Would you please transcribe the data in full and exactly, excluding images?
══ RECORDS FOR THIS TASK ══
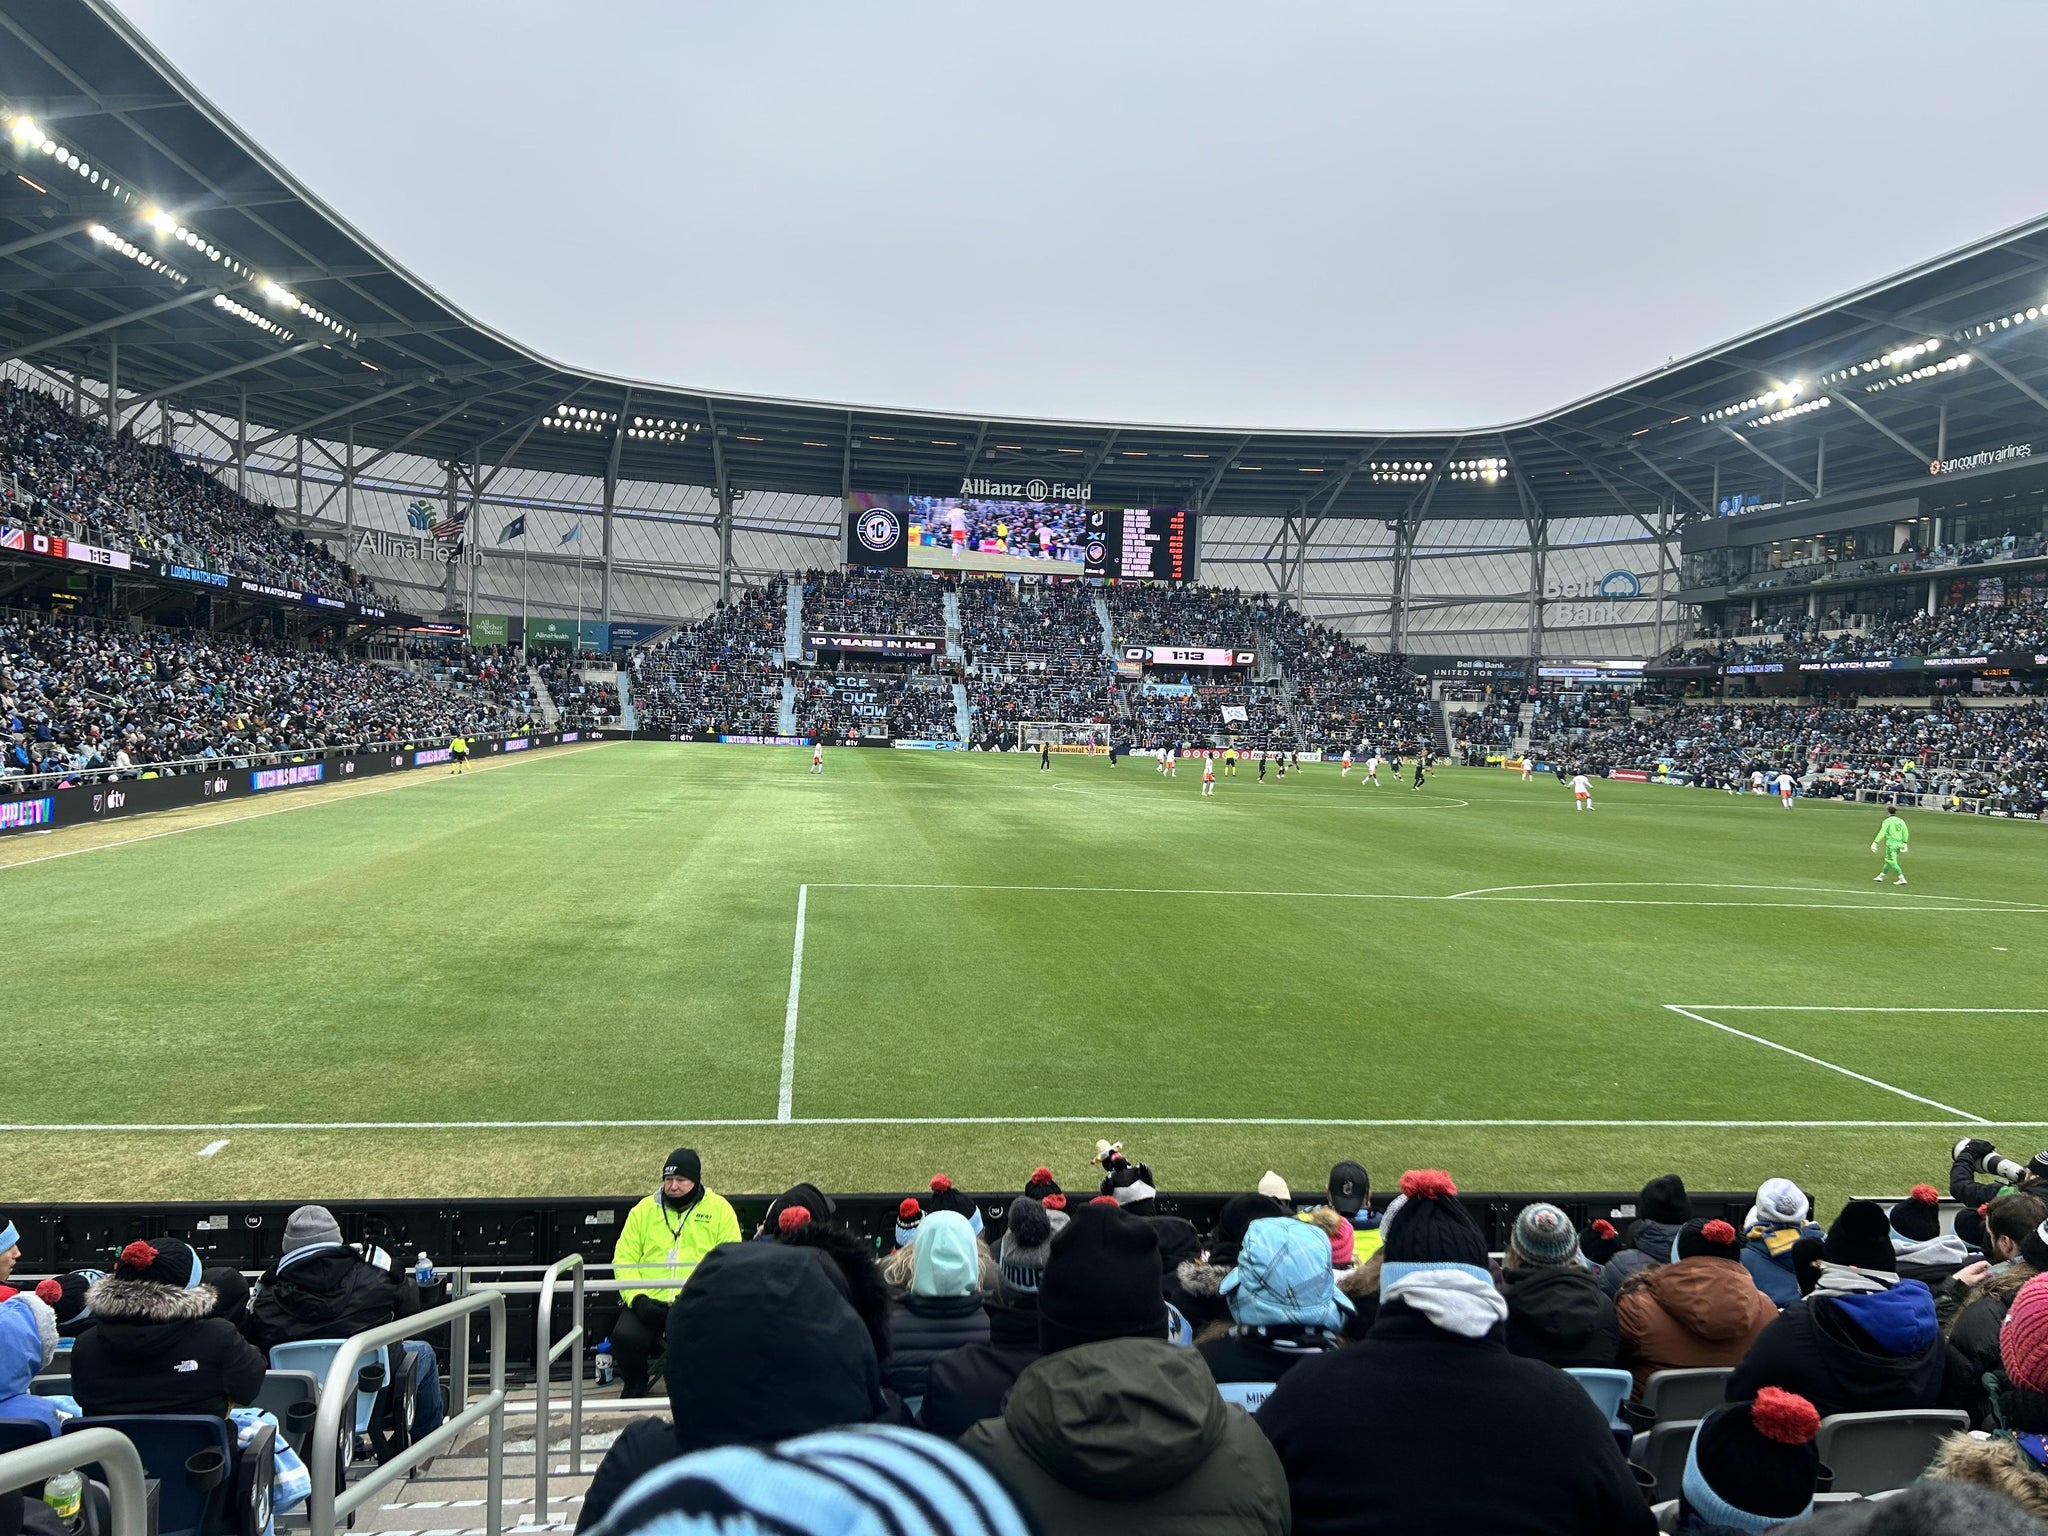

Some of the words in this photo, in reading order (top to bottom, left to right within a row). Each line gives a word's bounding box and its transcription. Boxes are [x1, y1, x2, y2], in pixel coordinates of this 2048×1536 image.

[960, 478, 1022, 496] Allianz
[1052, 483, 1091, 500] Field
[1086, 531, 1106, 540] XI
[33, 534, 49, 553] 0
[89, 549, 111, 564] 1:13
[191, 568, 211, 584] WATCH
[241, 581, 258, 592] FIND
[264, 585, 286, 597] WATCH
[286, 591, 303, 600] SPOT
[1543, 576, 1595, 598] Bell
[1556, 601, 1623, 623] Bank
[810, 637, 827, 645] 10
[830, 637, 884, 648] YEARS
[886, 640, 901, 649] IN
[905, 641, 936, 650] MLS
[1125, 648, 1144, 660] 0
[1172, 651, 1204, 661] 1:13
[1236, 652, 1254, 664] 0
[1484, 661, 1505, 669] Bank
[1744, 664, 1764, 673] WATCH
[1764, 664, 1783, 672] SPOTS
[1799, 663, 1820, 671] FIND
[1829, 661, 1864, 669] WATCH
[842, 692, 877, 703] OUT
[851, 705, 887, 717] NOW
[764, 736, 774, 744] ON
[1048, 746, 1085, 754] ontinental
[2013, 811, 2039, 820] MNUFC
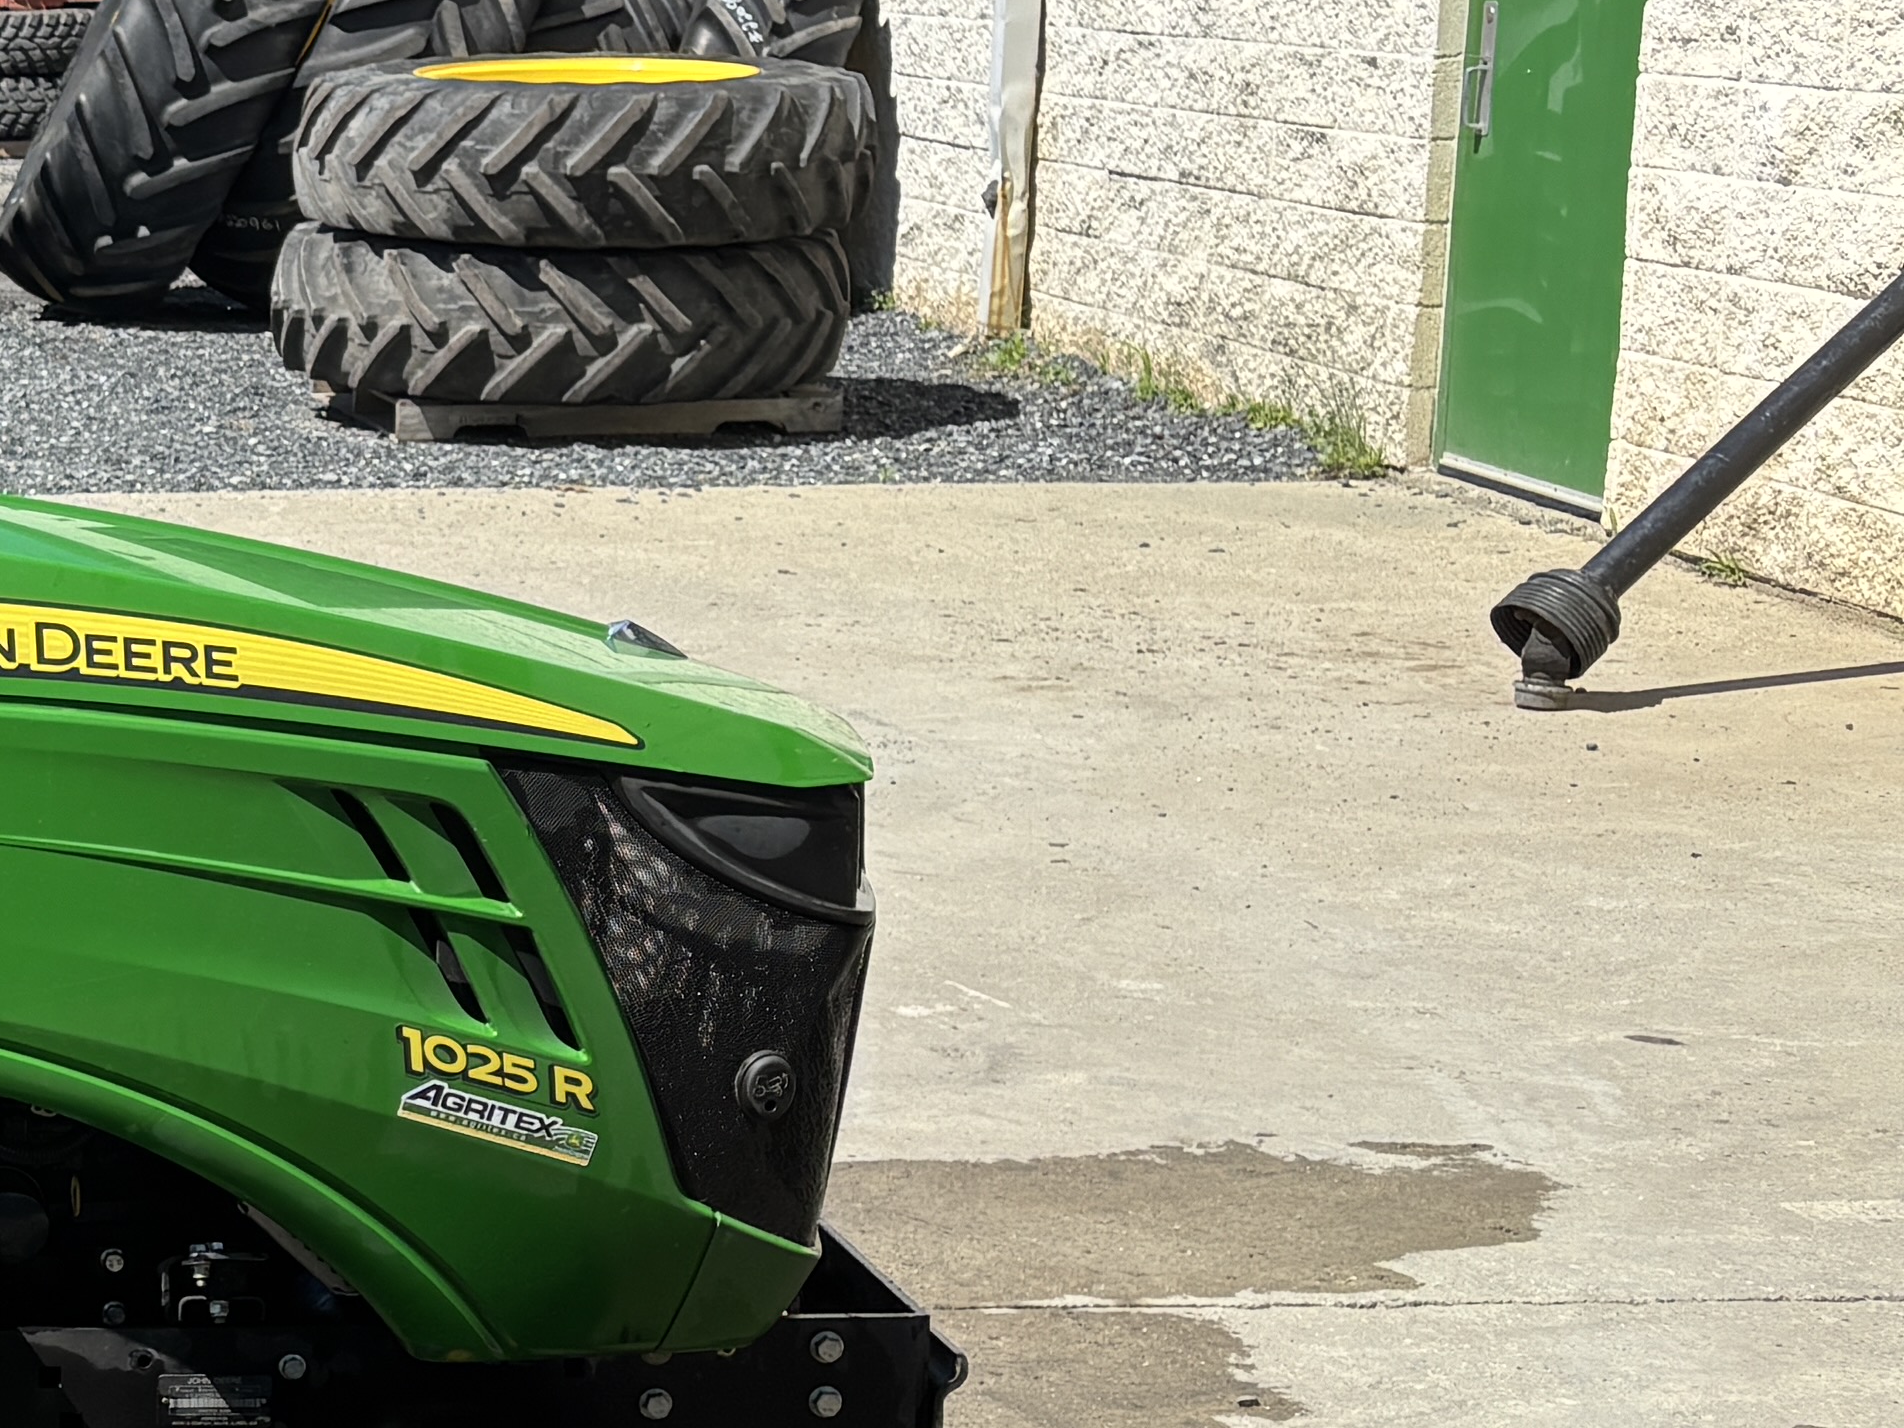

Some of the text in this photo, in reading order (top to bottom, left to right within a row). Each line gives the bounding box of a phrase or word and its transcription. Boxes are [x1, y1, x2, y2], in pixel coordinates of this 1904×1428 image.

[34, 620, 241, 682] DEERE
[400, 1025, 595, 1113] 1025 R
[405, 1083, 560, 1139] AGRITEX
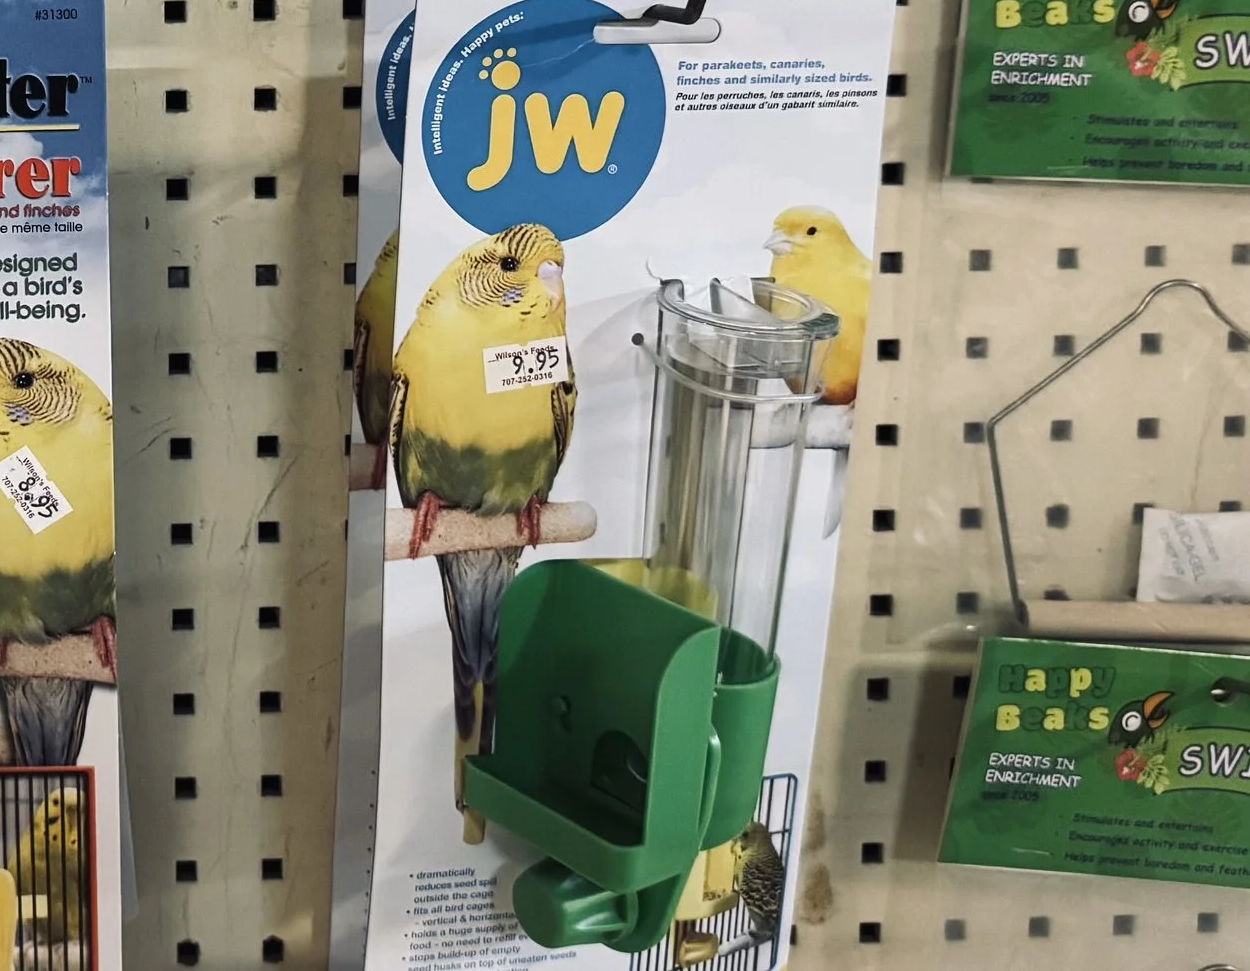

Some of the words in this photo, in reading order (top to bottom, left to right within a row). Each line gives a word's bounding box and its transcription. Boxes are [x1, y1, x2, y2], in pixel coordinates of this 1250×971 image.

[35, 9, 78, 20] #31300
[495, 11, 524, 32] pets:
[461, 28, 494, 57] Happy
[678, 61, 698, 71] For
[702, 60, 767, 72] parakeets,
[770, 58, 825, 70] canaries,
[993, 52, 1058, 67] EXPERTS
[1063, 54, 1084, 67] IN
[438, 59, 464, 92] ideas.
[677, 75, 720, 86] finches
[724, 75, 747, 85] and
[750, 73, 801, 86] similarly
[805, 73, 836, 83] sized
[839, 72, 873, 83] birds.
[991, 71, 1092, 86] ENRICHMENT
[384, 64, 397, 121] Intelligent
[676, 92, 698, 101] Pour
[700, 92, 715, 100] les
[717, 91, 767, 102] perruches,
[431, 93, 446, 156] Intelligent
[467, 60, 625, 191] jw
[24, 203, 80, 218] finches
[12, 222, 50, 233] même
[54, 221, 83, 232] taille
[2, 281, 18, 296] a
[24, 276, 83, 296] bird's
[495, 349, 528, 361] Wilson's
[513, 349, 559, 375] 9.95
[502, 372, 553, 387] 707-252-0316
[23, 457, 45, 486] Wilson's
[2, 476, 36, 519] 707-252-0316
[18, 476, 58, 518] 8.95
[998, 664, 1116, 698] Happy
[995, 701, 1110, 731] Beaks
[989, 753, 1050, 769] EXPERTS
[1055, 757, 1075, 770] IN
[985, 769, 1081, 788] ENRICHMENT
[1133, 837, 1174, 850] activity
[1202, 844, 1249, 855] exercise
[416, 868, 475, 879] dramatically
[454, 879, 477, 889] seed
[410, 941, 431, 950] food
═══
* _ANSWER BELOW_
Some of the words in this photo, in reading order (top to bottom, left to right within a row). Each line gives a word's bounding box and its transcription. Boxes are [x1, y1, x2, y2], in pixel coordinates of this 2048×1536 image.

[960, 478, 1022, 496] Allianz
[1052, 483, 1091, 500] Field
[1086, 531, 1106, 540] XI
[33, 534, 49, 553] 0
[89, 549, 111, 564] 1:13
[191, 568, 211, 584] WATCH
[241, 581, 258, 592] FIND
[264, 585, 286, 597] WATCH
[286, 591, 303, 600] SPOT
[1543, 576, 1595, 598] Bell
[1556, 601, 1623, 623] Bank
[810, 637, 827, 645] 10
[830, 637, 884, 648] YEARS
[886, 640, 901, 649] IN
[905, 641, 936, 650] MLS
[1125, 648, 1144, 660] 0
[1172, 651, 1204, 661] 1:13
[1236, 652, 1254, 664] 0
[1484, 661, 1505, 669] Bank
[1744, 664, 1764, 673] WATCH
[1764, 664, 1783, 672] SPOTS
[1799, 663, 1820, 671] FIND
[1829, 661, 1864, 669] WATCH
[842, 692, 877, 703] OUT
[851, 705, 887, 717] NOW
[764, 736, 774, 744] ON
[1048, 746, 1085, 754] ontinental
[2013, 811, 2039, 820] MNUFC

Some of the text in this photo, in reading order (top to bottom, left to right within a row). Each line gives the bounding box of a phrase or word and its transcription. Boxes are [x1, y1, x2, y2], in pixel coordinates of this 1904×1428 image.

[34, 620, 241, 682] DEERE
[400, 1025, 595, 1113] 1025 R
[405, 1083, 560, 1139] AGRITEX

Some of the words in this photo, in reading order (top to bottom, left to right within a row). Each line gives a word's bounding box and its transcription. Boxes are [x1, y1, x2, y2], in pixel coordinates of this 1250×971 image.

[35, 9, 78, 20] #31300
[495, 11, 524, 32] pets:
[461, 28, 494, 57] Happy
[678, 61, 698, 71] For
[702, 60, 767, 72] parakeets,
[770, 58, 825, 70] canaries,
[993, 52, 1058, 67] EXPERTS
[1063, 54, 1084, 67] IN
[438, 59, 464, 92] ideas.
[677, 75, 720, 86] finches
[724, 75, 747, 85] and
[750, 73, 801, 86] similarly
[805, 73, 836, 83] sized
[839, 72, 873, 83] birds.
[991, 71, 1092, 86] ENRICHMENT
[384, 64, 397, 121] Intelligent
[676, 92, 698, 101] Pour
[700, 92, 715, 100] les
[717, 91, 767, 102] perruches,
[431, 93, 446, 156] Intelligent
[467, 60, 625, 191] jw
[24, 203, 80, 218] finches
[12, 222, 50, 233] même
[54, 221, 83, 232] taille
[2, 281, 18, 296] a
[24, 276, 83, 296] bird's
[495, 349, 528, 361] Wilson's
[513, 349, 559, 375] 9.95
[502, 372, 553, 387] 707-252-0316
[23, 457, 45, 486] Wilson's
[2, 476, 36, 519] 707-252-0316
[18, 476, 58, 518] 8.95
[998, 664, 1116, 698] Happy
[995, 701, 1110, 731] Beaks
[989, 753, 1050, 769] EXPERTS
[1055, 757, 1075, 770] IN
[985, 769, 1081, 788] ENRICHMENT
[1133, 837, 1174, 850] activity
[1202, 844, 1249, 855] exercise
[416, 868, 475, 879] dramatically
[454, 879, 477, 889] seed
[410, 941, 431, 950] food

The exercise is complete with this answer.